Directions: What you should copy is the line containing "this 2354×1568 image." and all lines after it in the entries below, exactly and without anything added.

Recorded data:

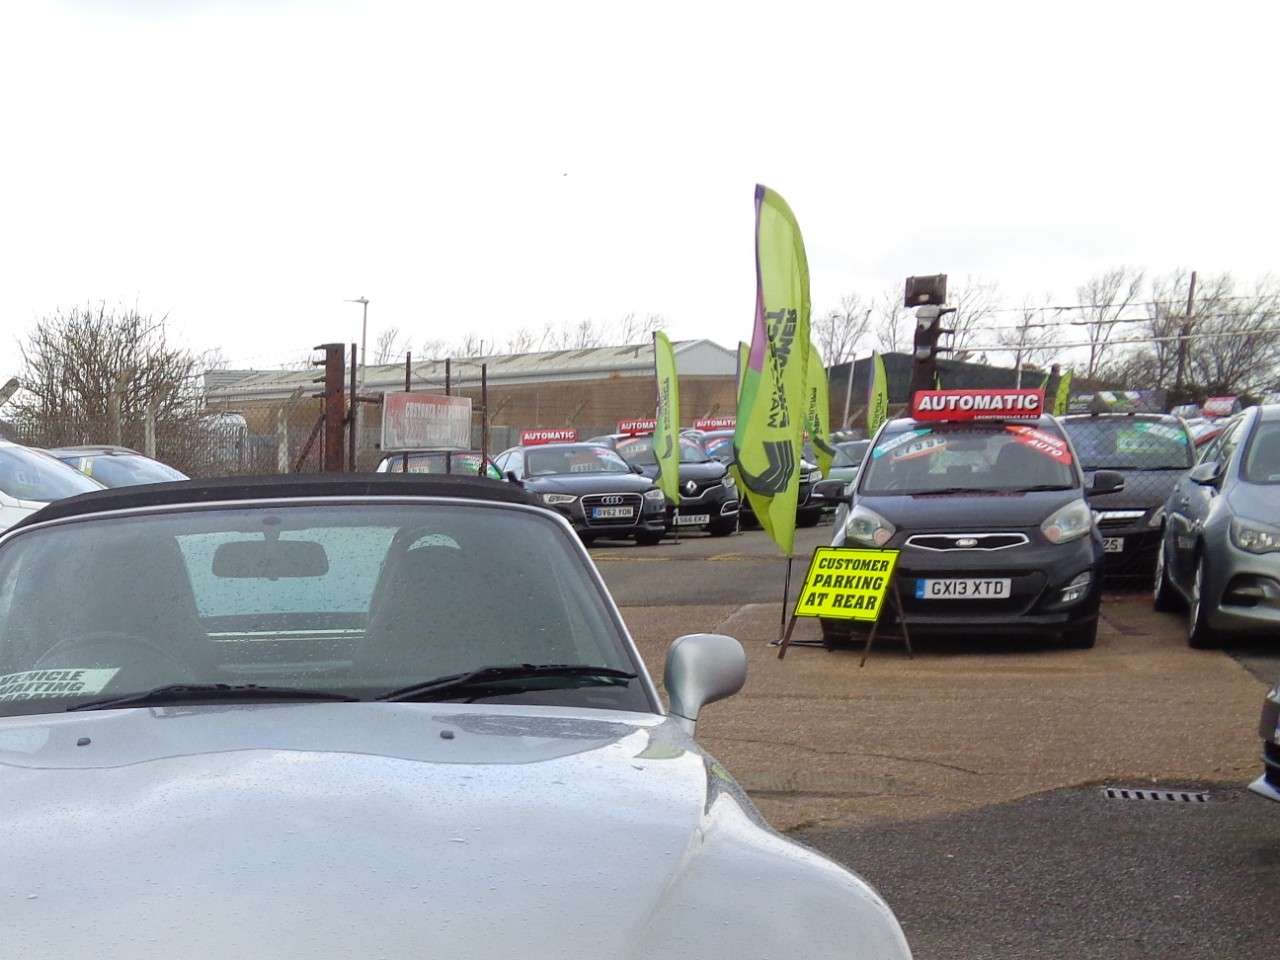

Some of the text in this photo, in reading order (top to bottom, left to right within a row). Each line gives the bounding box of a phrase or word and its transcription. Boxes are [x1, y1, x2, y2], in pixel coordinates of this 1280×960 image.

[918, 394, 1039, 411] AUTOMATIC
[621, 421, 657, 430] AUTOMAT
[524, 431, 575, 440] AUTOMATIC
[1027, 439, 1063, 457] AUTO
[818, 558, 890, 572] CUSTOMER
[812, 574, 884, 591] PARKING
[931, 581, 1004, 595] GX13 XTD
[805, 592, 876, 610] AT REAR
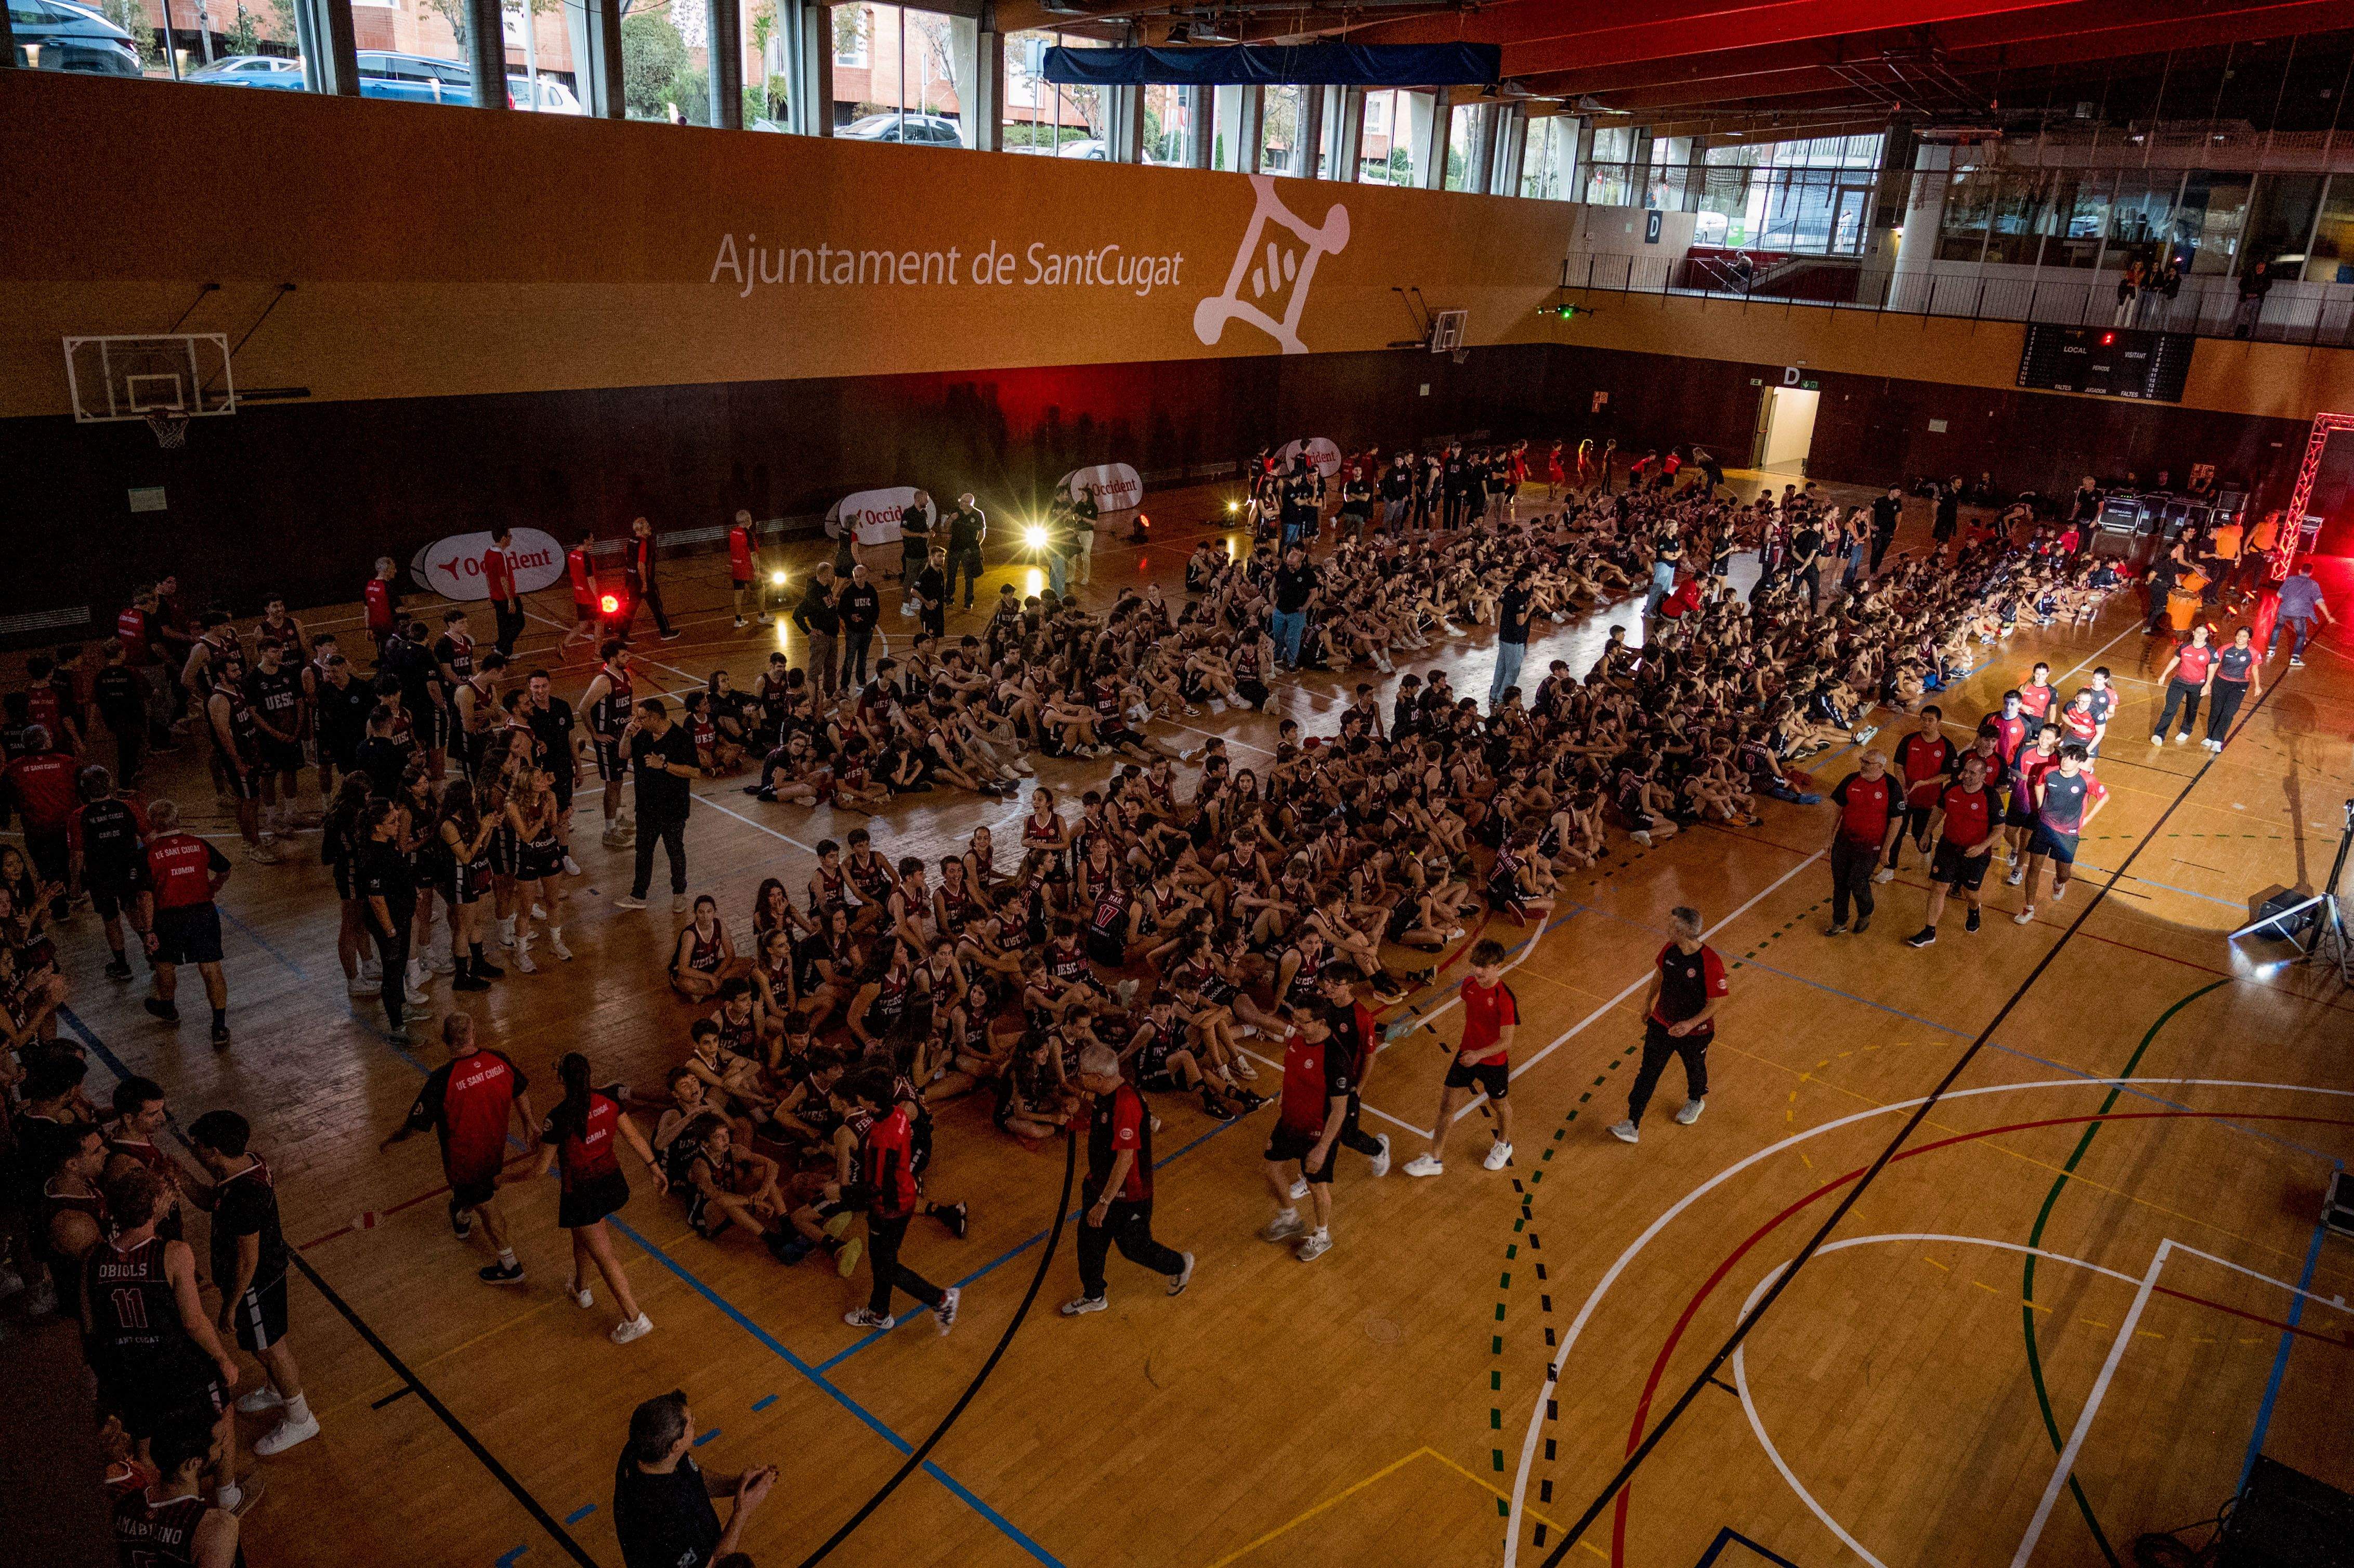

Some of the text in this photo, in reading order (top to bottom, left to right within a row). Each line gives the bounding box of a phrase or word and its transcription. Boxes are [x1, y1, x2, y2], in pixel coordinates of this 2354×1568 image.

[1650, 216, 1659, 237] D
[710, 234, 1183, 298] Ajuntament de SantCugat
[1784, 367, 1800, 385] D
[1092, 479, 1137, 496] Occident
[866, 505, 903, 525] Occid
[265, 691, 294, 710] UESC
[99, 830, 120, 839] CARLOS
[165, 847, 180, 857] SANT
[181, 845, 200, 855] CUGAT
[171, 866, 195, 876] TXOMIN
[1108, 893, 1123, 905] MAR
[1095, 903, 1119, 928] 17
[467, 1073, 485, 1087] SANT
[485, 1064, 505, 1080] CUGAT
[586, 1129, 607, 1144] CARLA
[99, 1263, 148, 1277] OBIOLS
[111, 1288, 149, 1328] 11

The completed task:
Some of the text in this photo, in reading order (top to bottom, left to right within a row). Each line gives the bounding box of a phrase or word and its transcription. Boxes are [x1, y1, x2, y2], in pixel coordinates of this 2354×1568 image.

[1650, 216, 1659, 237] D
[710, 234, 1183, 298] Ajuntament de SantCugat
[1784, 367, 1800, 385] D
[1092, 479, 1137, 496] Occident
[866, 505, 903, 525] Occid
[265, 691, 294, 710] UESC
[99, 830, 120, 839] CARLOS
[165, 847, 180, 857] SANT
[181, 845, 200, 855] CUGAT
[171, 866, 195, 876] TXOMIN
[1108, 893, 1123, 905] MAR
[1095, 903, 1119, 928] 17
[467, 1073, 485, 1087] SANT
[485, 1064, 505, 1080] CUGAT
[586, 1129, 607, 1144] CARLA
[99, 1263, 148, 1277] OBIOLS
[111, 1288, 149, 1328] 11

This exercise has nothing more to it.